Metaphysical Streaking

“Is the Good being able to do whatever you please, whenever you please?” asked Courtney. “Rousseau says that men were born free, but ‘everywhere I see them in chains.’ He thinks that the Good is returning to a state of being where laws are made to fit our pursuit of nature, of the savage pursuit of happiness. Certainly, that is what Lucretius saw. But what does Plato say about that?”

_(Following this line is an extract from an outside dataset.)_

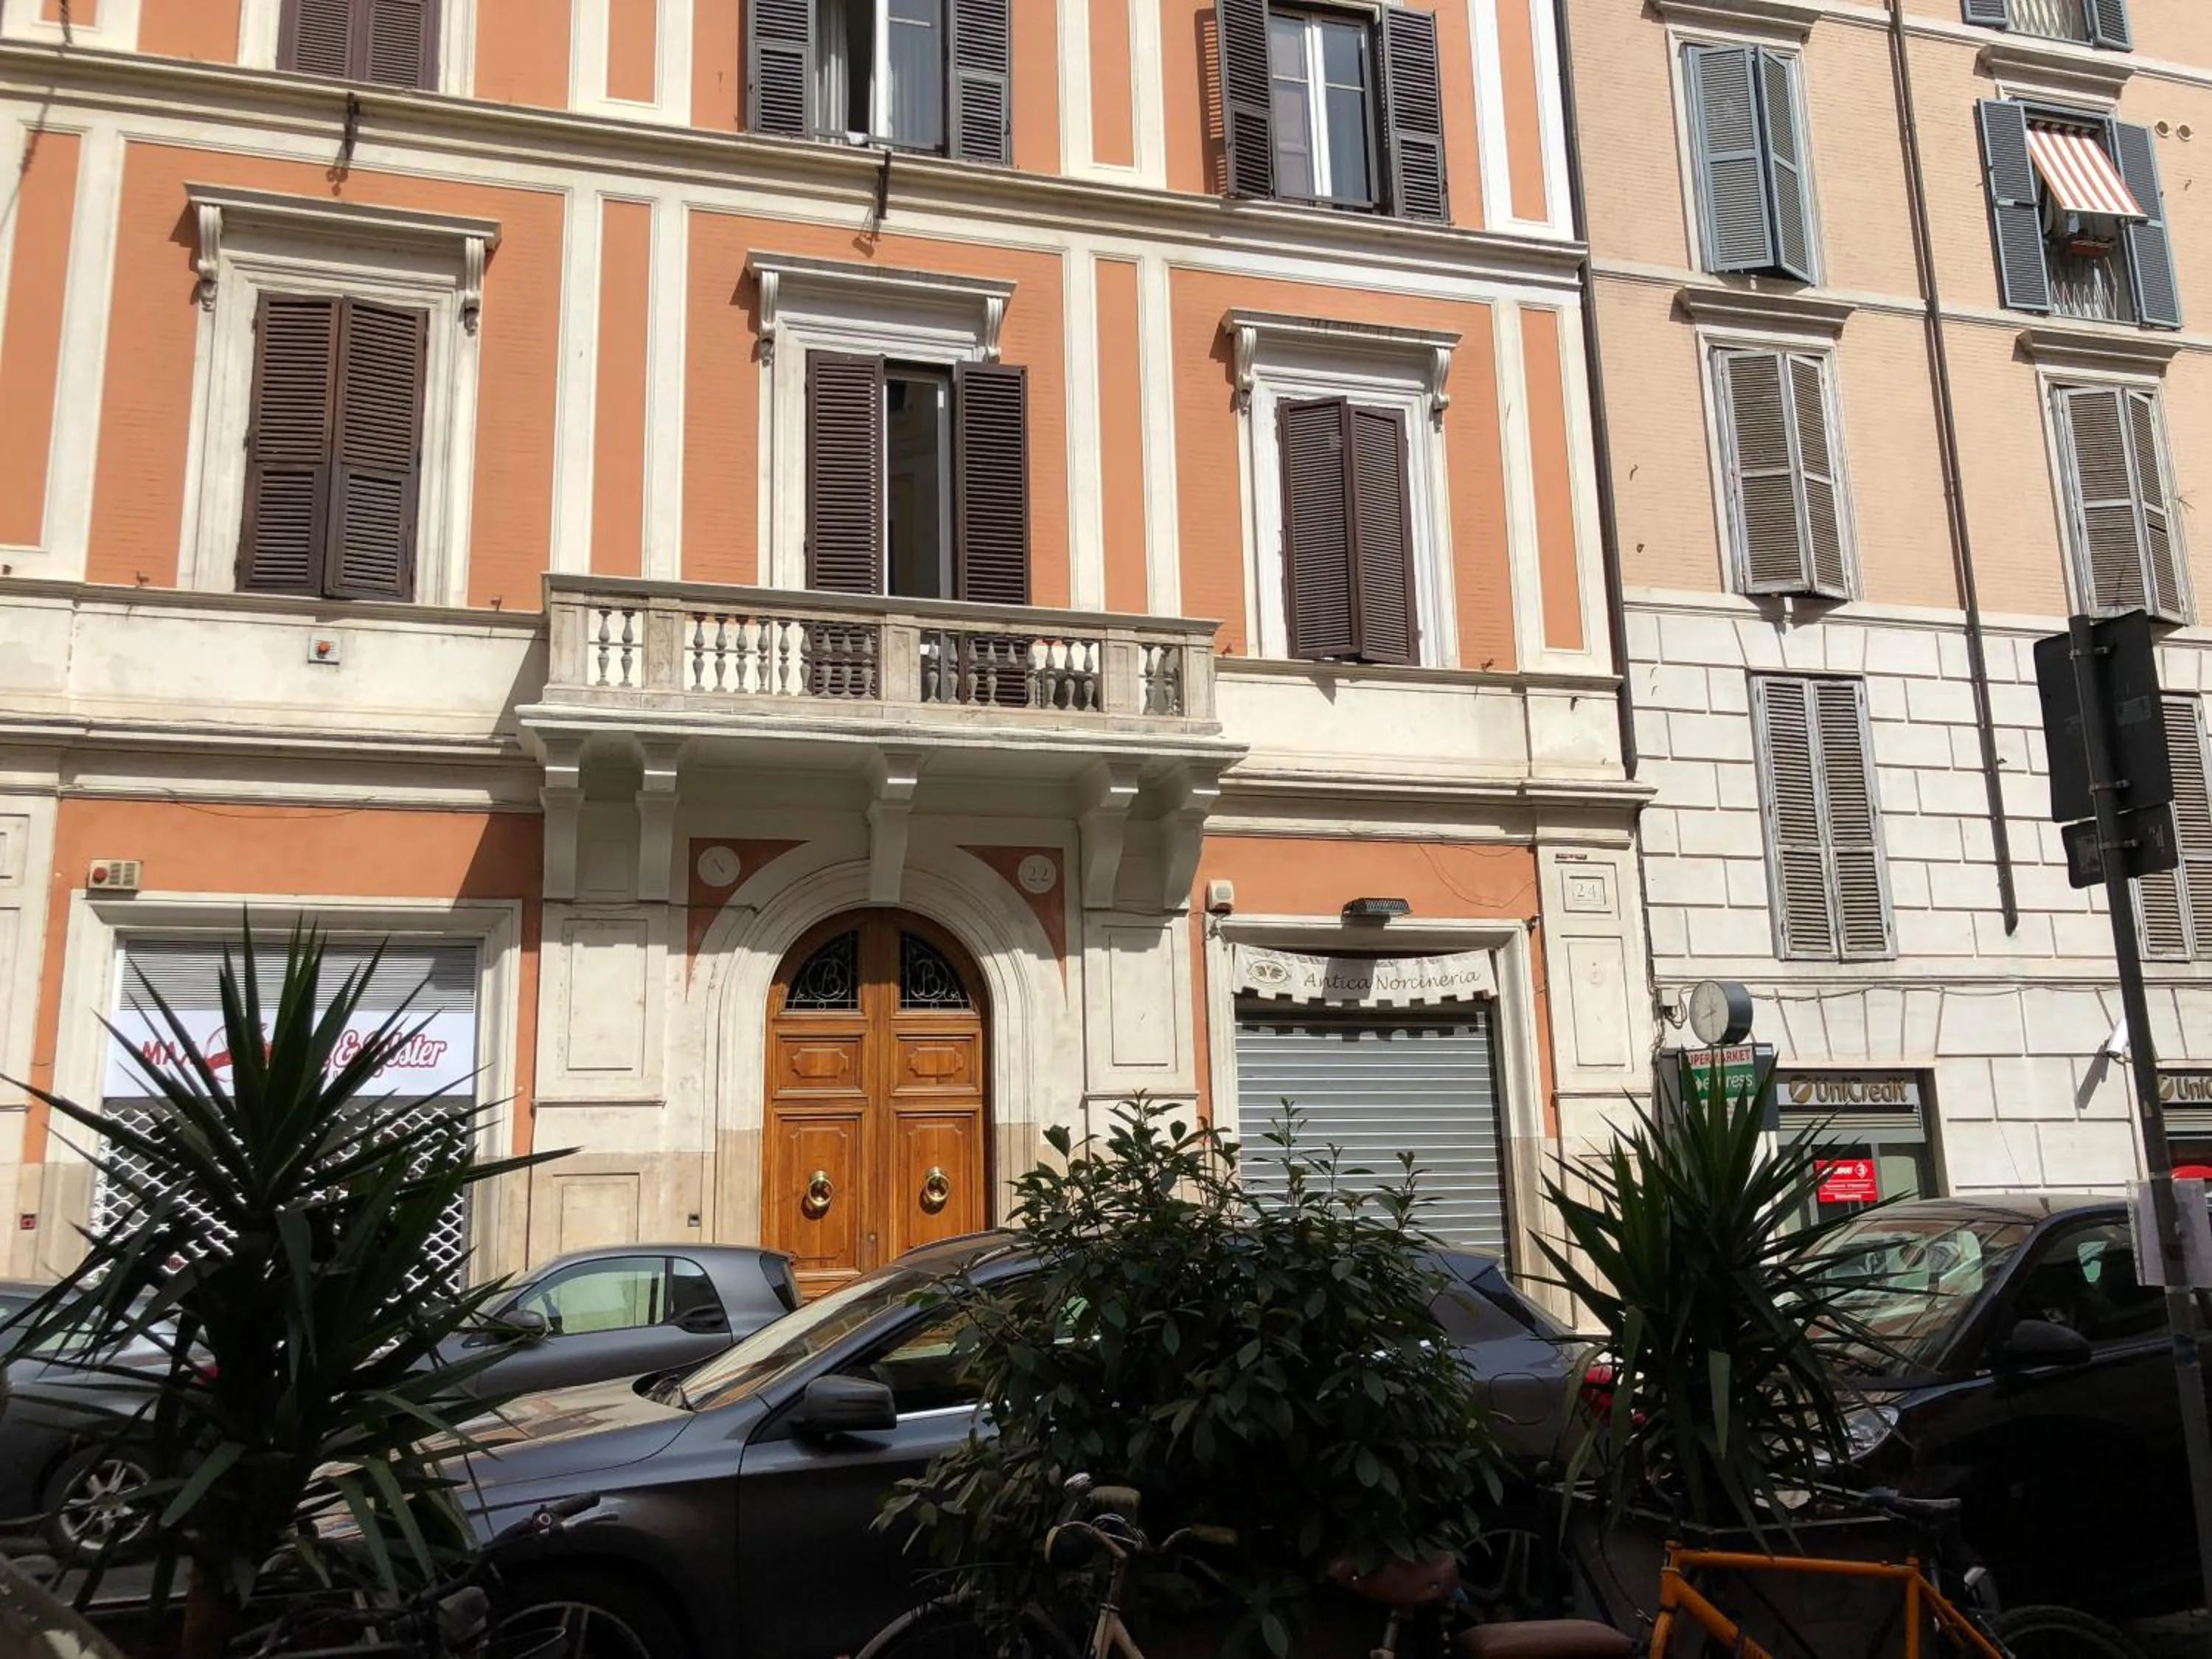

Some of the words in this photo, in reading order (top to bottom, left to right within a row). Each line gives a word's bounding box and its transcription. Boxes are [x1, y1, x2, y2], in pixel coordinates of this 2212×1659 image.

We were intently participating in the conversation even though we said nothing, silent acolytes to the sacrament of pure reason.

“Why is it you are unhappy, when you spend so much time pursuing happiness?” asked Marin. I leaned forward. “Is it because of civilization and its discontents? Are you simply Freudian fruits, destined to be unhappy? Or is it your way of looking at happiness that sows your discontent? Instead of looking inward for the good of your own navel, how about the common good? What ever became of virtue? Ordering yourself to what is good. Or have you forgotten about that? There was a time when it was a betrayal of your country to protest in favor of your country’s enemy.”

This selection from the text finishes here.